An array of arrays containing the minimum and maximum spline parameters for each respective spline dimension.

### `spline.splineDimension`

Dimensionality of the spline surface, e.g. curve = 1, surface = 2, etc.

### `spline.dimension`

Spatial dimension of the spline. One-dimensional = 1, 2D plane = 2, etc.

### `spline.size`

Size of the control point data.

## Methods

### `spline.evaluate(out, t0, t1, ..., tn_1)`

Evaluate the spline at the parameters t0, ..., tn - 1 where n is the dimensionality of the surface (i.e. curve = 1, surface = 2, etc), and write the result to `out`. Returns a reference to `out`.

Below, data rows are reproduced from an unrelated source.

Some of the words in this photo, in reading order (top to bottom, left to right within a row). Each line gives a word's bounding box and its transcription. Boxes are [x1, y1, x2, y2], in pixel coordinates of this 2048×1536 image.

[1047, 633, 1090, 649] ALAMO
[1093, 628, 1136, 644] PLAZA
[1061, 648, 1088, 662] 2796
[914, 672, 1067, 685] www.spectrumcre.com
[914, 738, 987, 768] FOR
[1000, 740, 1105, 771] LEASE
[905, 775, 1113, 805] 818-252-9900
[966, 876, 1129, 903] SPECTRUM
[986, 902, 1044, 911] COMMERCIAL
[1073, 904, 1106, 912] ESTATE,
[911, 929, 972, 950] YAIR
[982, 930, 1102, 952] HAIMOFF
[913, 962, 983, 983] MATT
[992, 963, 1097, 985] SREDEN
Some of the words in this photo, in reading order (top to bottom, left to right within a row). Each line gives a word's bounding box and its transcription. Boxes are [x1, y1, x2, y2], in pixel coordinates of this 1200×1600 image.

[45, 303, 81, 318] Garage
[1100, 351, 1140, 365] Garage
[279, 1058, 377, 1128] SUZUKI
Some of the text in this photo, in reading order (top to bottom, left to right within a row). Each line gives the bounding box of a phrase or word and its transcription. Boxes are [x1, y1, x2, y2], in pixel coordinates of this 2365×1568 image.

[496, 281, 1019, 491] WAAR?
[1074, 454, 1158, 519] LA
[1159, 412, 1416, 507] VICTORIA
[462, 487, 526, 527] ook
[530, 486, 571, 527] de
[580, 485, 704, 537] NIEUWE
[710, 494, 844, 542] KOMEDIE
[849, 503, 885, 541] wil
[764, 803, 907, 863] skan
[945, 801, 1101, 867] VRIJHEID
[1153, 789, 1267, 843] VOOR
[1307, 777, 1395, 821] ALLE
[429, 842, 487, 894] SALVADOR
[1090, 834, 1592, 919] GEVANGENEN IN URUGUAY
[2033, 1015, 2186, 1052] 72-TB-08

### `spline.evaluator(derivativeOrders, isBasis)`

Returns a function which evaluates the spline according to the specified arguments. `spline.evaluate` is just the special case `spline.evaluator(null, false)`.

Arguments are:

• `derivativeOrders` (Number or Array of Numbers, default: `undefined`): If provided, evaluates the corresponding partial derivative. For example, to evaluate the third derivative in the second dimension of a spline, you would call `spline.evaluator([0, 3])`. See  for more details.

Currently only first derivatives are implemented for non-uniform rational b-splines. Non-uniform (non-rational) b-splines support higher orders.

• `isBasis` (boolean, default: `false`): If true, creates a basis function evaluator instead of a direct spline evaluator. Returns a function `function basis(t0, t1, ..., tn_1, i0, i1, ..., in_1)` (no `out` argument is necessary since the answer is always a scalar) which evaluates the value of the spline basis functions for a given parameter location and control hull indices. The inputs `t0, ..., tn_1` are the spline parameters (t0, t1, ..., tn - 1) and the indices `i0, ..., in_1` are the integer indices of a control point (i0, i1, ..., in - 1). The output is a real number between 0 and 1 by which the correpsonding control point is multiplied. Summing across all points in the `spline.support` gives the computed spline position. When possible, evaluating the spline directly is much faster.

### `spline.support(out, t0, t1, ..., tn_1)`

Compute the support of a point on the spline. That is, the integer indices of all control points that influence the spline at the given position. To avoid allocation of many small arrays, the result is written in-place to array `out` as a packed array of index tuples, e.g. indices `[0, 5, 3]` and `[1, 5, 3]` are returned as `[0, 5, 3, 1, 5, 3]`. Returns a reference to `out`.

### `spline.transform(m)`

Transform a spline in-place using gl-matrix-style matrices (e.g. gl-mat3 or gl-mat4). Modifies spline data and returns a reference to the spline.